= TRY IT =
Print the data exactly. Pictures stay out.

= RECORD EXTRACTS =
[Start of section]
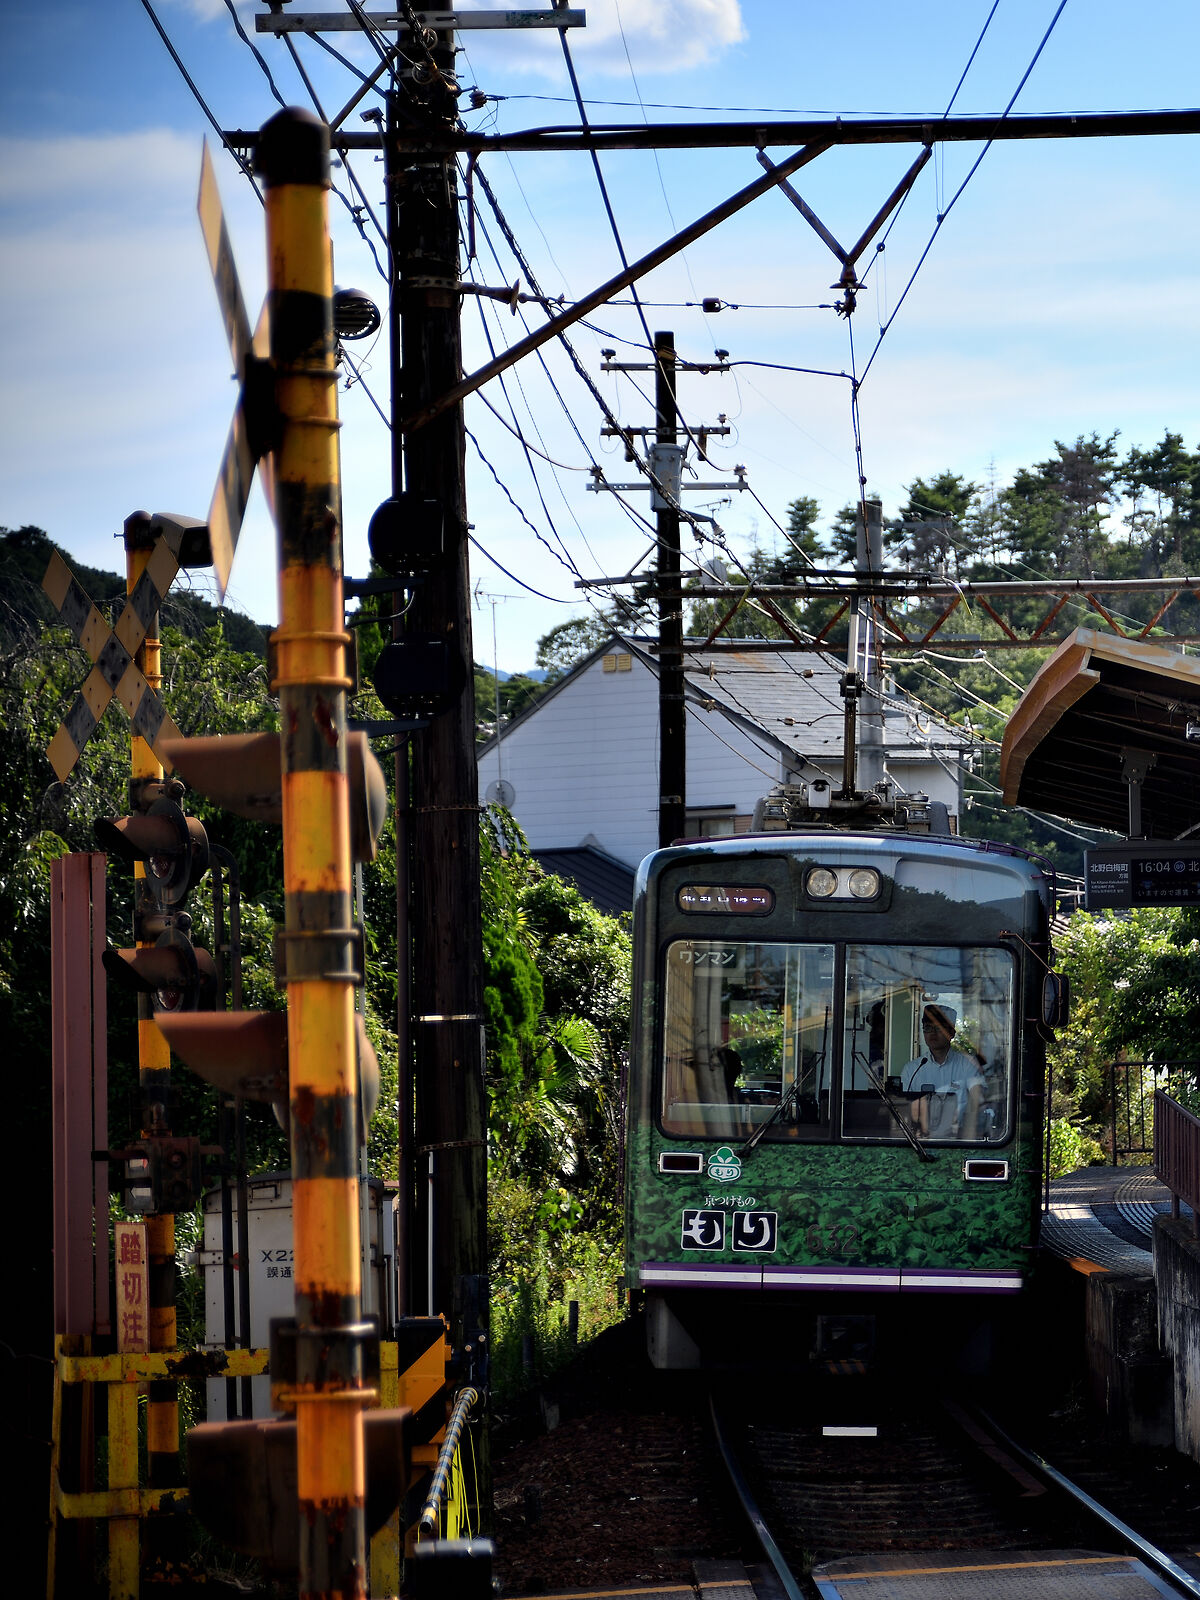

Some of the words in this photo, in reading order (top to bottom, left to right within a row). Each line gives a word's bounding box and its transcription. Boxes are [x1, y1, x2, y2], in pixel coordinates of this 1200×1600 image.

[1138, 861, 1170, 873] 16:04
[679, 950, 735, 964] ワンマン
[703, 1194, 756, 1207] 京つけもの
[682, 1210, 771, 1249] もり
[807, 1223, 860, 1254] 632
[261, 1250, 293, 1262] X2
[266, 1266, 293, 1278] 誤通
[121, 1230, 145, 1347] 踏切注
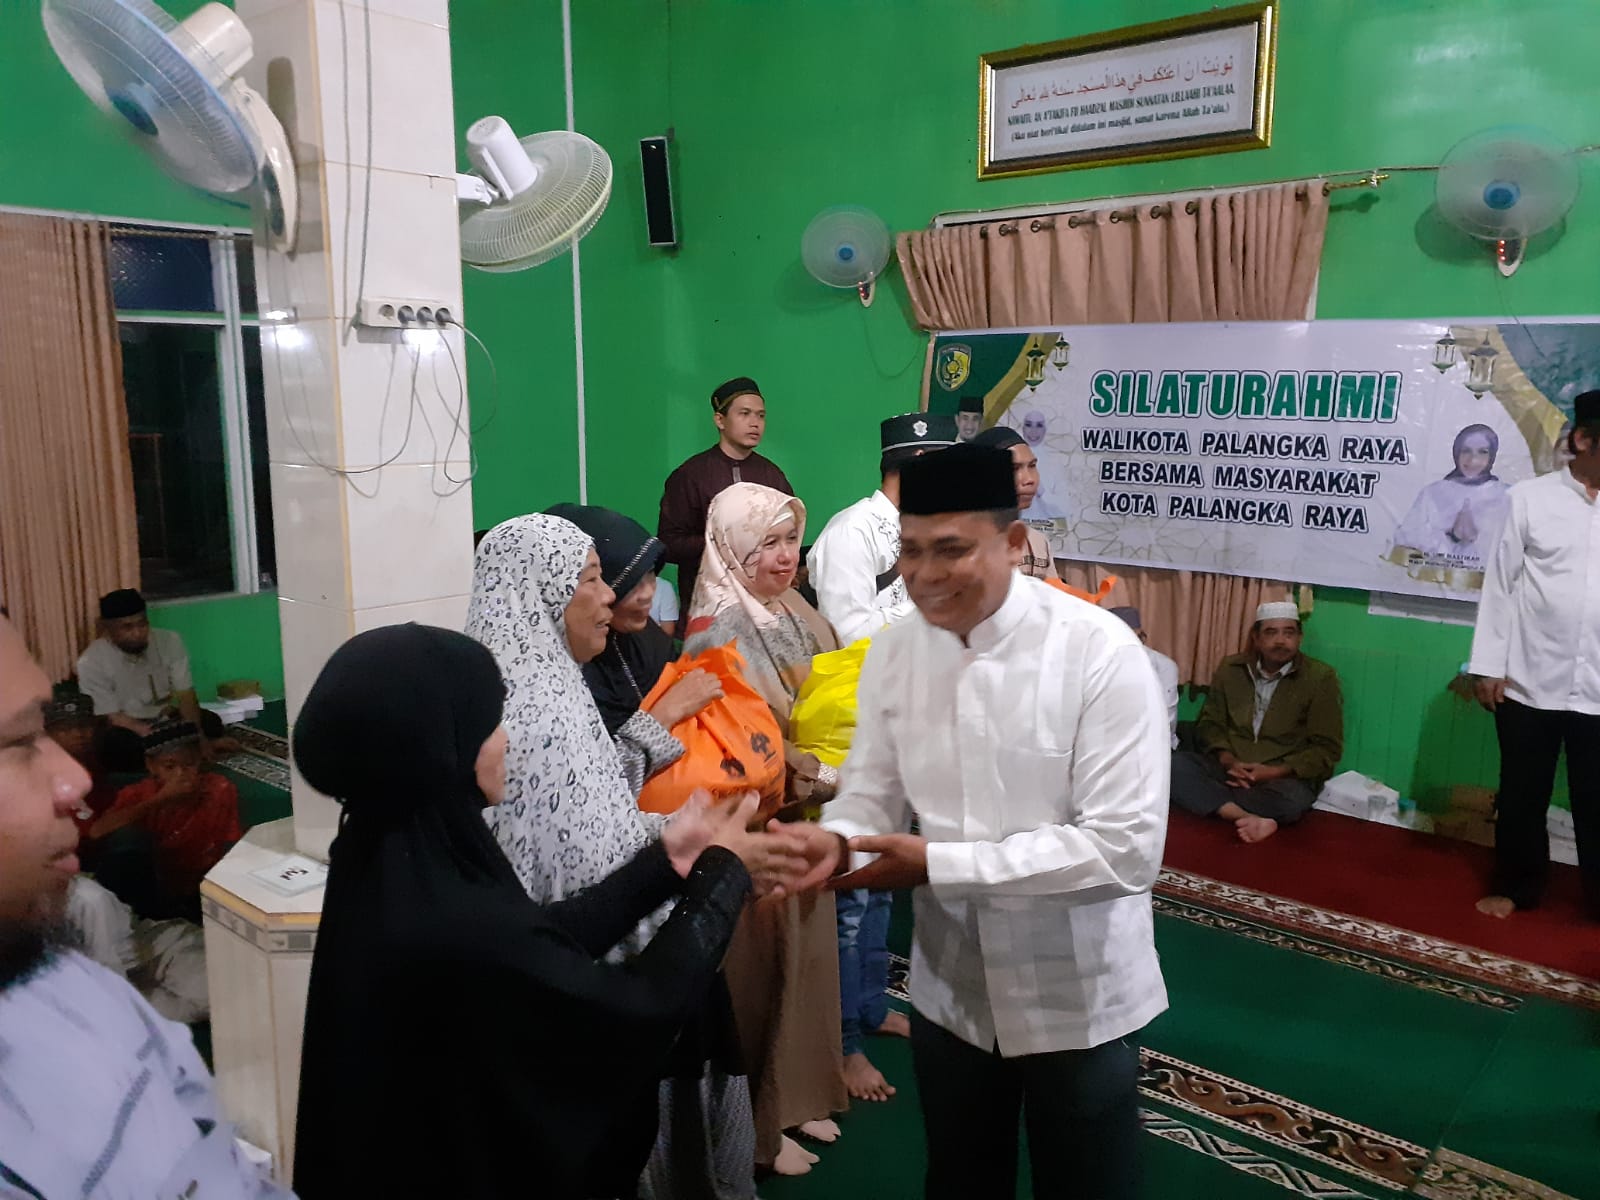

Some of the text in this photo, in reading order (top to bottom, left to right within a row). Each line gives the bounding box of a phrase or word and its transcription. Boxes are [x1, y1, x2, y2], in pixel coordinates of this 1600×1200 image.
[End of section]
= EXERCISE RESPONSE =
Some of the words in this photo, in reading order (top to bottom, left to right within a row). Each line gives a word's bounding box and its transcription. Boxes are [x1, y1, x2, y2], in pixel coordinates of this 1200×1600 image.

[1138, 861, 1170, 873] 16:04
[679, 950, 735, 964] ワンマン
[703, 1194, 756, 1207] 京つけもの
[682, 1210, 771, 1249] もり
[807, 1223, 860, 1254] 632
[261, 1250, 293, 1262] X2
[266, 1266, 293, 1278] 誤通
[121, 1230, 145, 1347] 踏切注

Some of the text in this photo, in reading order (top to bottom, left to right within a row). Each line gives the bounding box of a phrase or word and its transcription. Boxes are [x1, y1, x2, y2], in pixel coordinates of this 1600×1200 image.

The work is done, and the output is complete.